Shanghai is China’s biggest city with an area of over 6,000km² and a population of more than 24 million, which means you can safely bet there there are plenty of things to do and sights to see.
1. Take in the View
Take the world’s fastest elevator up to the 118th floor of the world’s second tallest building, Shanghai Tower, for sweeping views of Shanghai. From 546 metres up, visitors are treated to 360° views of the sprawling city below. While you might assume it’s best to go during the day (ideally when it’s clear out), Shanghai is such an electric city that going at night is just as worthwhile, if not more so, as it provides a unique, bright, and colourful perspective.
2. Explore the Old City
In stark contrast to the vast expanse of new and impressive architecture that makes up the majority of Shanghai is the Old City. Admittedly quite touristy, come here to see traditional Chinese architecture on full display. With plenty of shops to browse and places to eat, this is a great place to explore to get a sense of what the city used to look like. For a small slice of serenity, head to Yu Garden and take in its quiet beauty (it can become very crowded, so for the best chance of making the most of the gorgeous complex, we recommend going in the morning right when it opens at 8:45am).

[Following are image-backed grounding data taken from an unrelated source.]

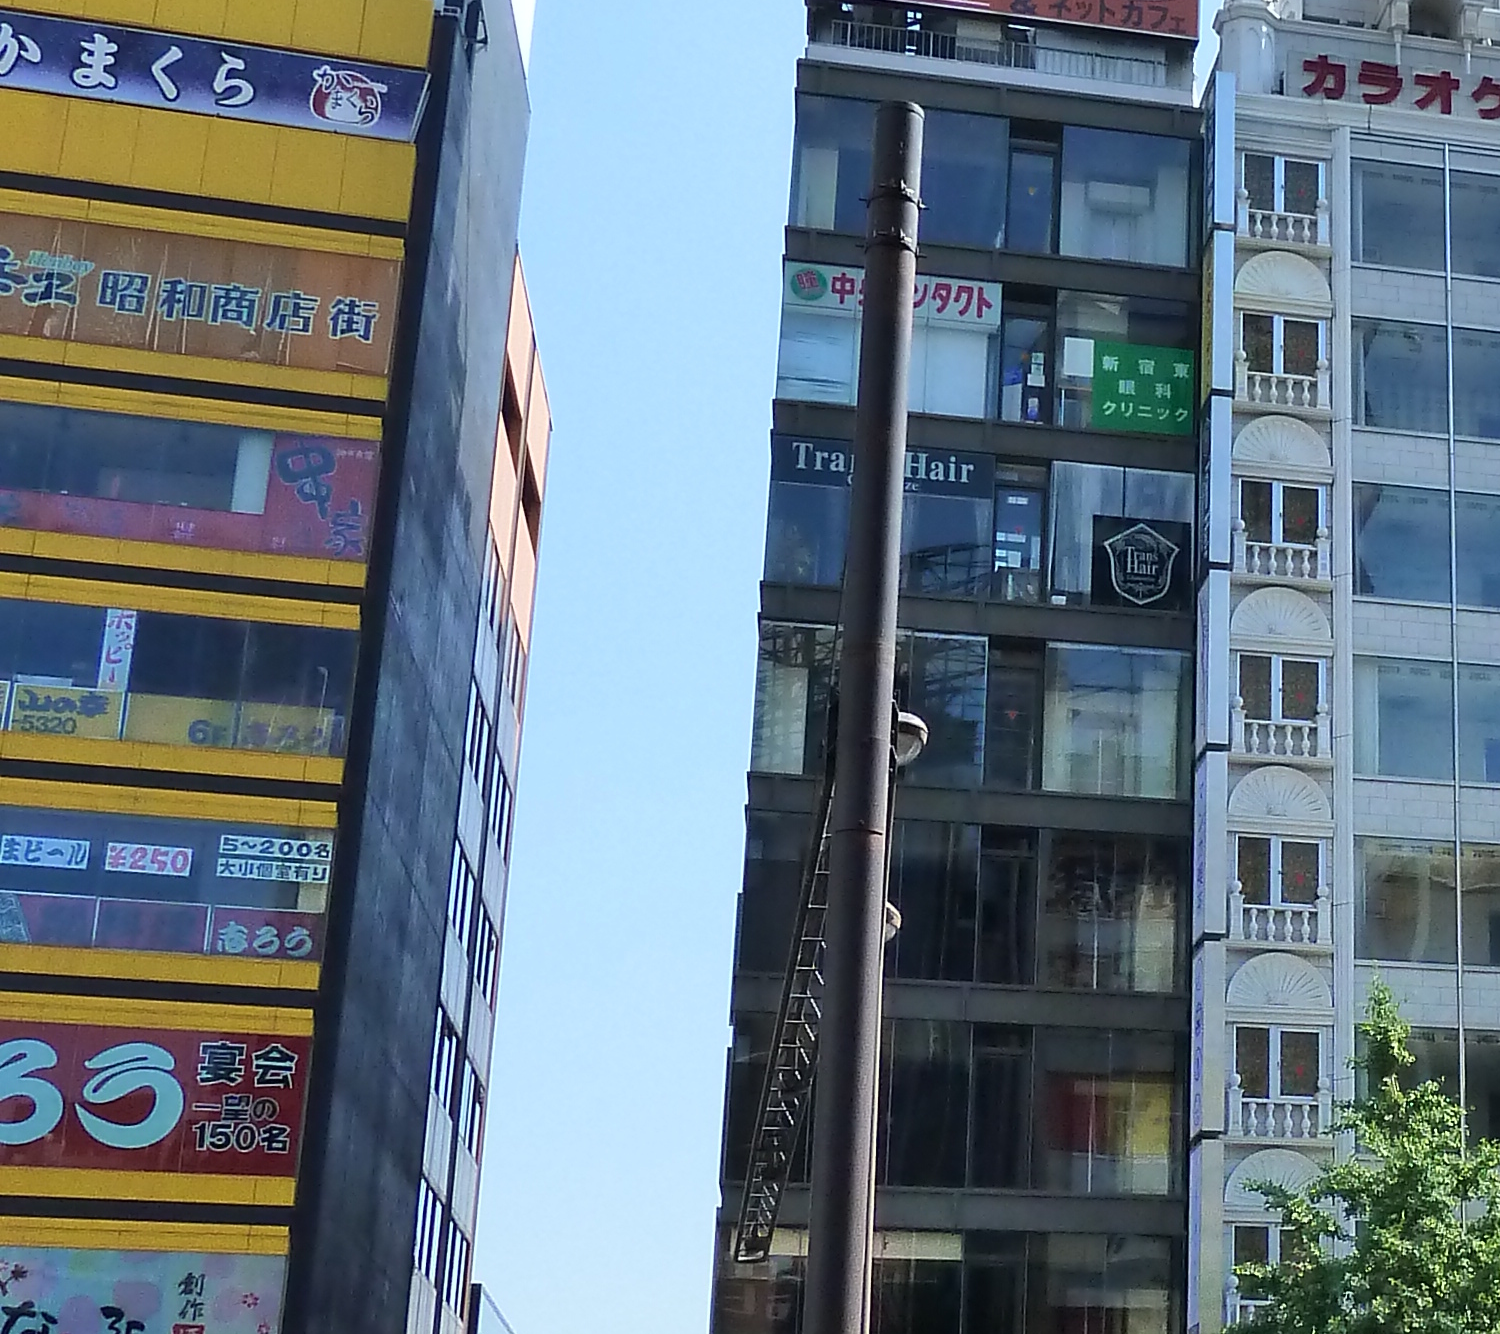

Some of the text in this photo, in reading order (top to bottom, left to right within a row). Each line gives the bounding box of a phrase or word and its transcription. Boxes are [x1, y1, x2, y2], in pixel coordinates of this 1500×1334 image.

[96, 269, 381, 344] 昭和商店街
[831, 271, 994, 319] 中ンタクト
[1102, 354, 1190, 380] 新宿東
[1118, 379, 1172, 400] 眼科
[1102, 401, 1188, 423] クリニック
[792, 441, 856, 473] Tra
[904, 451, 974, 485] Hair
[1125, 546, 1159, 563] Trans
[1126, 559, 1159, 575] Hair
[104, 611, 136, 684] ホッピー
[2, 836, 190, 874] 生ビール ¥250
[218, 859, 329, 884] 大小個室有り
[197, 1040, 297, 1089] 宴会
[192, 1093, 279, 1123] 一望の
[193, 1121, 290, 1154] 150名
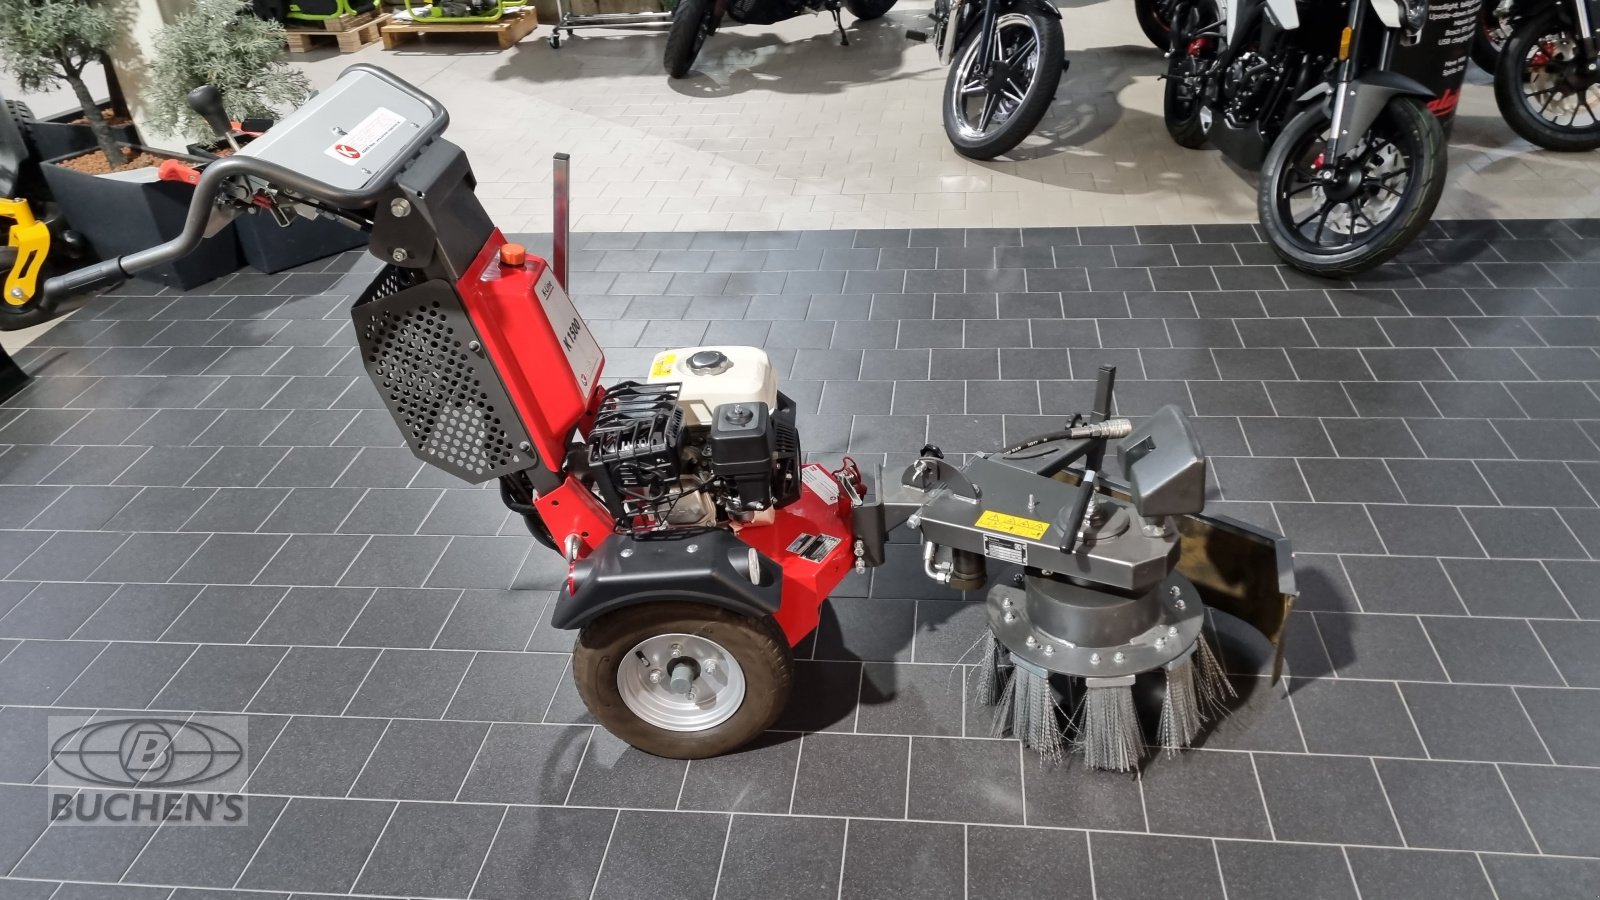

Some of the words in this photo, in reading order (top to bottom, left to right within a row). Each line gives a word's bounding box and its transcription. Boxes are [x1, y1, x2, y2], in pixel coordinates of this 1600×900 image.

[541, 281, 553, 297] K-Line
[567, 318, 581, 344] 1500
[563, 336, 573, 352] K

3. Try Alllll the Street Food
Delicious food can be found all over the city, but there are a handful of streets that are overflowing with vendors selling tasty bites, with two of the best being Yunnan Road Food Street and Wujiang Food Road. Half the fun is trying new, interesting things, but some of our favourite dishes include lamb skewers, fried mantou (fried dough balls) with custard cream, sesame balls, and sheng jian bao (fried soup dumplings), the possibly more delicious sister of the famous soup dumplings, xiao long bao.
4. Longhua Temple
Shanghai’s largest temple is also its oldest, first constructed in 242 AD and rebuilt in 977 AD after being destroyed. The temple offers a glimpse into Chinese history, tradition, and culture, with thousands of awe-inducing, ornate gold statues as you make your way through its five halls. Steven Spielberg fans may recognise the towering pagoda from his film Empire of the Sun. Although it’s the city’s oldest and largest temple, it isn’t its most famous, which means you can enjoy it without having to fight your way through too many crowds.
The ancient water city of Zhujiajiao is a bit of a trek from the centre of Shanghai, but is easily reached by train and worth the journey. Dozens of bridges from the Ming and Qing dynasties cross the several rivers that carve out this this 1700 year old town. Explore the Yuan Jin Buddhist Temple, built in the 1300’s, hop on a boat for a ride under bridges and along the rivers, and pay a visit to the Great Qing Post Office, one of several major Qing Dynasty post offices in Shanghai. Your best bet for beating the crowds is to go on a weekday, and if possible, in the off-season.
6. Take a Tour
When navigating such a massive city, taking a tour can help focus your time and energy, making the most of your trip. Our partners at Urban Adventures offer authentic experiences led by passionate, knowledgeable locals. They offer a few different tours, and we suggest the Shanghai Nights and Lights tour, since as we mentioned above, this city is truly an electric playground at night, saturated with vibrant, coloured lights. “Discover ornate temples, buzzing bars and unusual gift shops. Learn about everyday life in Shanghai and try your hand at one of China’s favourite pastimes of dancing or Tai Chi in the park.”
Stay at Mingtown Etour Youth Hostel, centrally located in the People’s Square neighbourhood. The entire hostel is built in old-fashioned Shanghai residential style, with an open, central courtyard for guest activities, a resident cat, and restaurant serving up delicious food.